We are Justice
Dawn Pritchard
Dawn Pritchard attributes much of the success and satisfaction she has achieved in her professional life to the mentors she has met along the way.
“I was ready to leave the federal government and go into private practice until I gave Department of Justice Canada lawyer Mark Berlin a call to find out what job possibilities were available in the Department,”
says the counsel at Environment Canada Legal Services.
“That call changed the direction of my life.”
Born and raised in Saskatoon, Dawn is part of a proud Métis family.
She quit high school in Grade 12 to follow her musical dreams and ended up playing guitar and singing backup vocals in a rock band in Toronto for a few years. When she returned to Saskatoon, she completed high school and decided to follow a cousin’s footsteps into a career in law.
Within two years, she had earned the President’s Award for highest marks in every class at the Saskatchewan Indian Federated College and been accepted into the University of Saskatchewan’s law school.
“To me, success is when your boss and colleagues recognize your talent and you get to use it and not hide it.”
She juggled her studies with life as a single parent, graduating in 1996. Over the next few years, she held various positions, including clerking in the Court of Appeal for Saskatchewan and working in private practice and with the Saskatchewan Legal Aid Commission.
In 2003, she accepted a position in the Department’s Saskatoon office working in Indian Residential School Litigation.
“I worked in the Prairie Region Office for nearly five years, including a stint in advisory services, where my colleague offered me the opportunity to become an expert in the newly emerging field of duty to consult. I jumped at the chance.”
Dawn flourished in her role as expert in this new field, but she was called back to her substantive position.
However, she soon became dissatisfied with her work life and began considering offers from private practice. It was then that she made a call to Berlin, whom she’d met a few years earlier through her work as National Chair of the Litigation Section of the Canadian Bar Association.
“I called him out of the blue, and without hesitation, he took me under his wing and offered to be my mentor.”

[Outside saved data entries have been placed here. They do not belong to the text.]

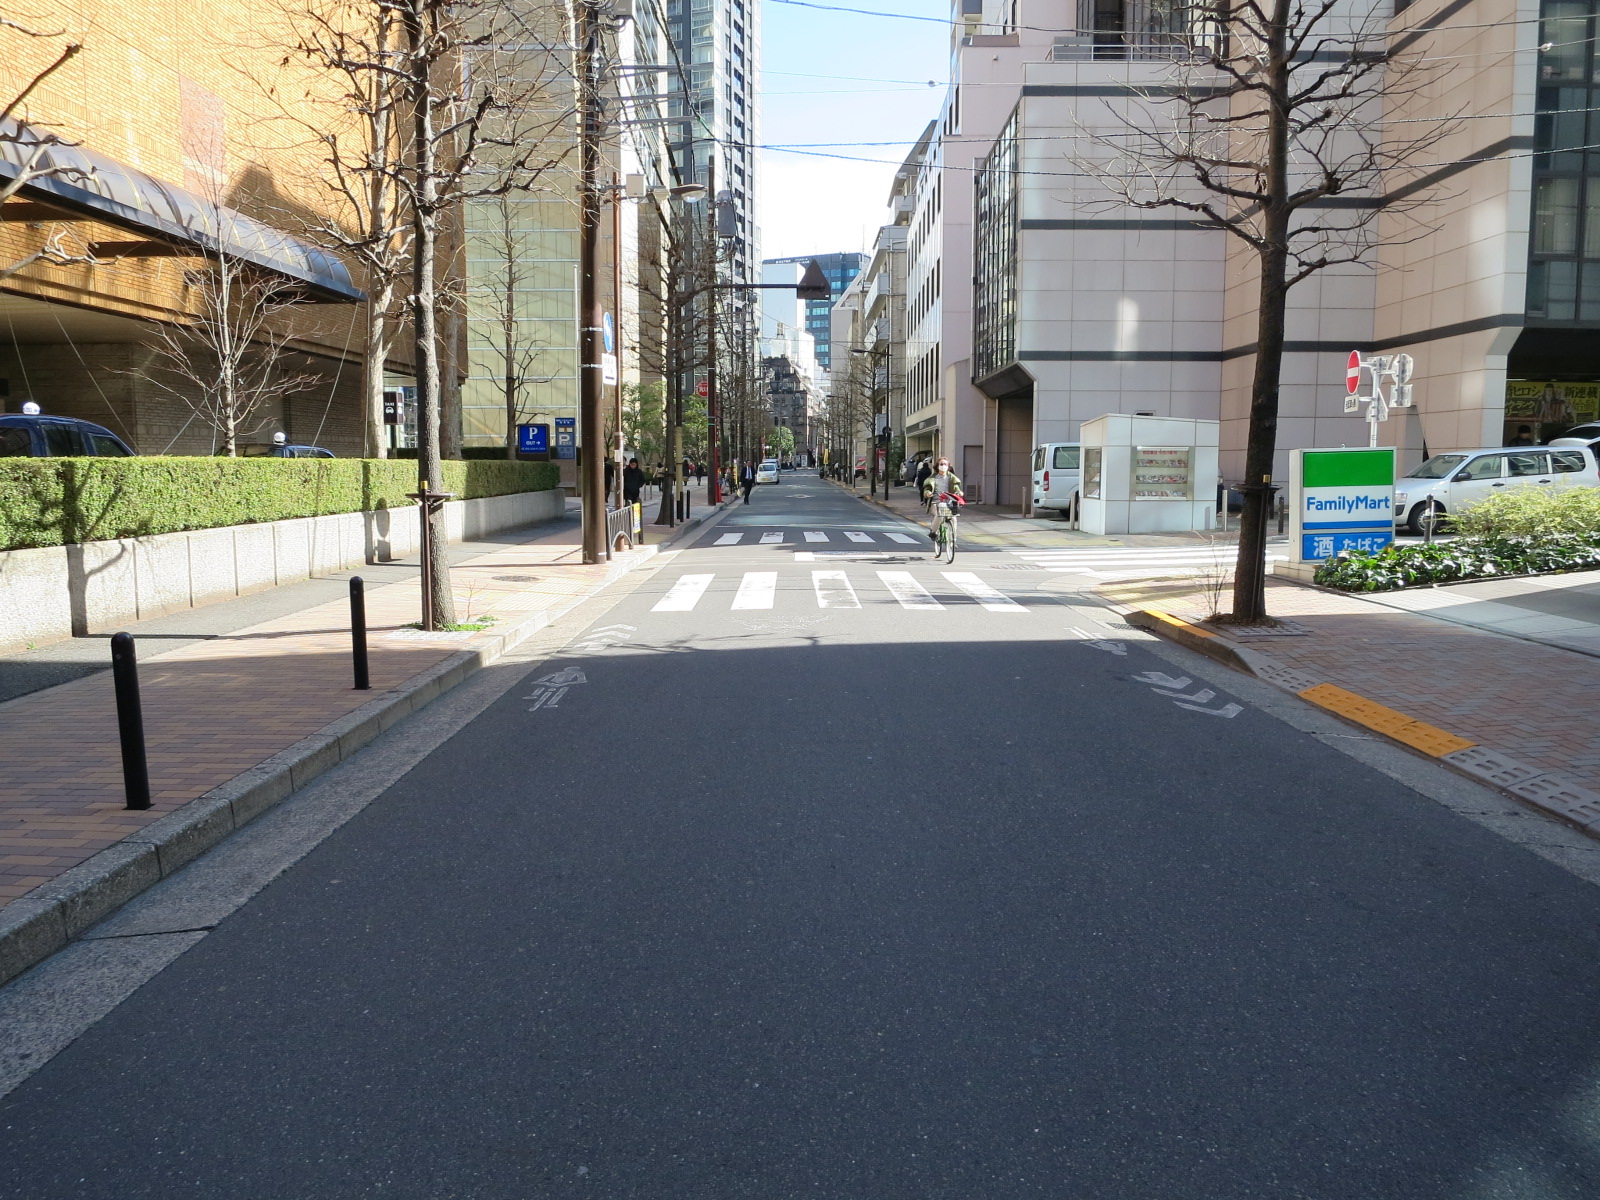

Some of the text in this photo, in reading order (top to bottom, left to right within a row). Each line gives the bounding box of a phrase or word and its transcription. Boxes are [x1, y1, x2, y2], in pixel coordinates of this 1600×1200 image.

[1564, 386, 1598, 399] 新連載
[529, 427, 538, 440] P
[559, 434, 570, 445] P
[1306, 495, 1390, 514] FamilyMart
[1313, 536, 1386, 558] 酒 たばこ

That began a period of intense self-analysis, research and talks with colleagues in Ottawa and Gatineau. Guided by Mark, as well as by Marilyn Poitras, a Métis lawyer in Saskatchewan, and Carolyn Kobernick, Employment Equity Champion, Dawn started to figure out what she needed from her career and the scope of choice that was available.
“I was amazed at all the different areas a person could work in at the Department of Justice and all the people who were so willing to help.”
After narrowing her search to two positions, she was soon rewarded with an offer in the legal services unit at Environment Canada, the position she holds to this day.
“I am completely happy with where I am in my career now,”
Dawn says. “To me, success is when your boss and colleagues recognize your talent and you get to use it and not hide it. I’ve found that in my current position.”
“It is also when your boss asks you to do something that you would die to do anyway, and they ask because they believe in you.”
Dawn believes in being involved and in giving back. She is finishing her term as co-chair of the Department’s Advisory Committee on Aboriginal Peoples and will continue as a working member on subcommittees. She has also been asked to supervise and mentor an articling student.
“I am really excited, and hope that I can be as positive an influence as others were for me.”
Life has come full circle. Along with the balance and contentment Dawn has achieved in her work and personal life, she has once again picked up the guitar after many years of not playing. She also realized a life-long dream when her partner gave her a piano for Christmas. She is teaching herself to play.